There is a need to have a high-level monitoring committee on the lines of a truth and reconciliation commission. Further, there is a need to have a uniform basis for the determination of compensation for the kin of those killed in the conflict – whether civilians or security forces personnel. There is also a need for a fact-finding team apart from addressing the issues of land and forest rights. The government also needs to apologize for the atrocities committed by the Salwa Judum and rectify it past misdeeds.
• Guerrilla warfare is aimed at removing the symbols of the state rather than taking on the state machinery head on. This is to say that the guerrillas do not confront the security forces directly, but lay ambushes on smaller formations of the security forces.

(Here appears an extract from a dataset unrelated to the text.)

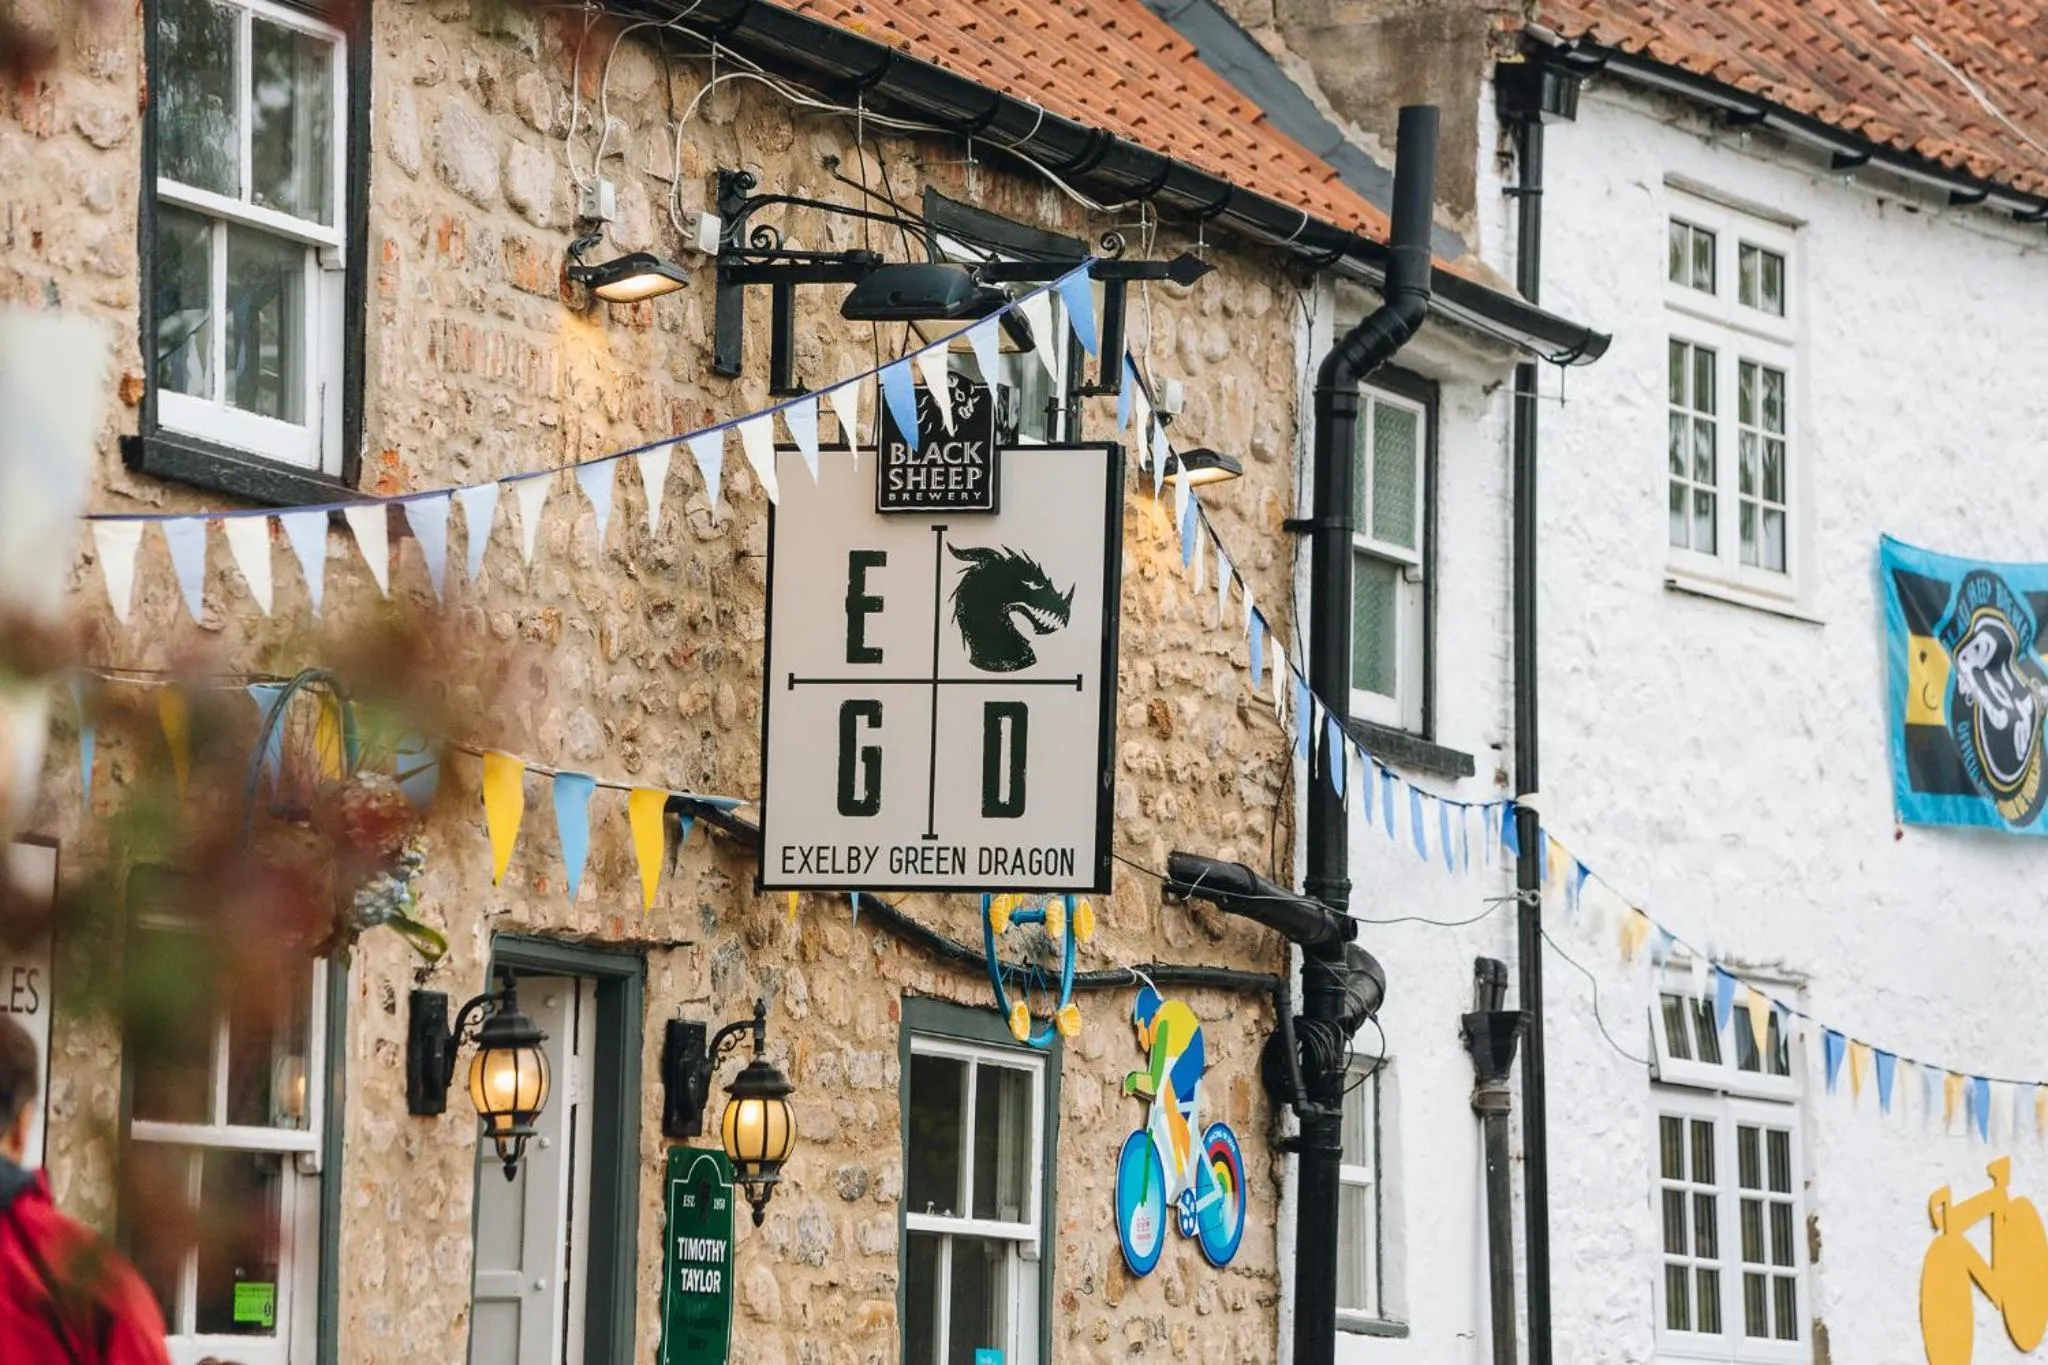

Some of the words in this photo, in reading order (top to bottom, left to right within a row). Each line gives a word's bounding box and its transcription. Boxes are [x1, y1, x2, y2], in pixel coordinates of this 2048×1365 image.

• In Andhra Pradesh, the government has succeeded in its policing operation, not in the areas of development and governance. The Greyhounds have only been successful in limiting the scale of operations of the Naxals, but the government is yet to tackle the basic issues that the people face.
• While titles like ‘Greyhounds’ and ‘COBRA’ sound impressive, they often have an adverse psychological impact upon the people. While such names would work in a conventional military operation, they seem inappropriate in the case of internal security threats for the people would instinctively tend to fear the security forces because of such names.
• The state must be involved on both holding operations and also developmental activities. Holding operations mean ensuring that the Naxals do not sprout again once the security forces clear out an area. Such operations would also help destroy the organizational structure of the Naxals. Development activities on the other hand, would be geared towards resolving the basic socio-economic problems of the people.
• How is one to understand the term ‘development’? Should it be understood in the way that multinational corporations choose to define it? Or is development to be understood from the view point of the people wherein their standard of living and life opportunities can improve? This is also accompanied by the issue of the difference between development and protection of the tribal regions since the adivasis are not keen on development being defined in terms of GDP growth rate. Apart from this, the absence of any progress is also a factor that has resulted in the rise of the Naxalites.
• While there are many regions in the country which are characterized by dismal living conditions, similar to the environment in the Naxal-affected areas, these places have not been influenced or affected by Naxals. This can be attributed to the composition of the social structure in these areas. This apart, the mindset of the people is also important.
• The crux of the Naxal problem can be traced to the question of representation of the adivasi regions in the Constituent Assembly when the Constitution of India was being framed. The Northeast region was represented in good numbers due to which the interests of the people were protected through the provisions of the Sixth Schedule of the Constitution. The case of Srikkakulam and Telangana which were protected agency regions are examples of this.
• Issues of democracy and development are critical to resolve the situation. This is to say that the issues of governance, justice and rights of the people must be protected.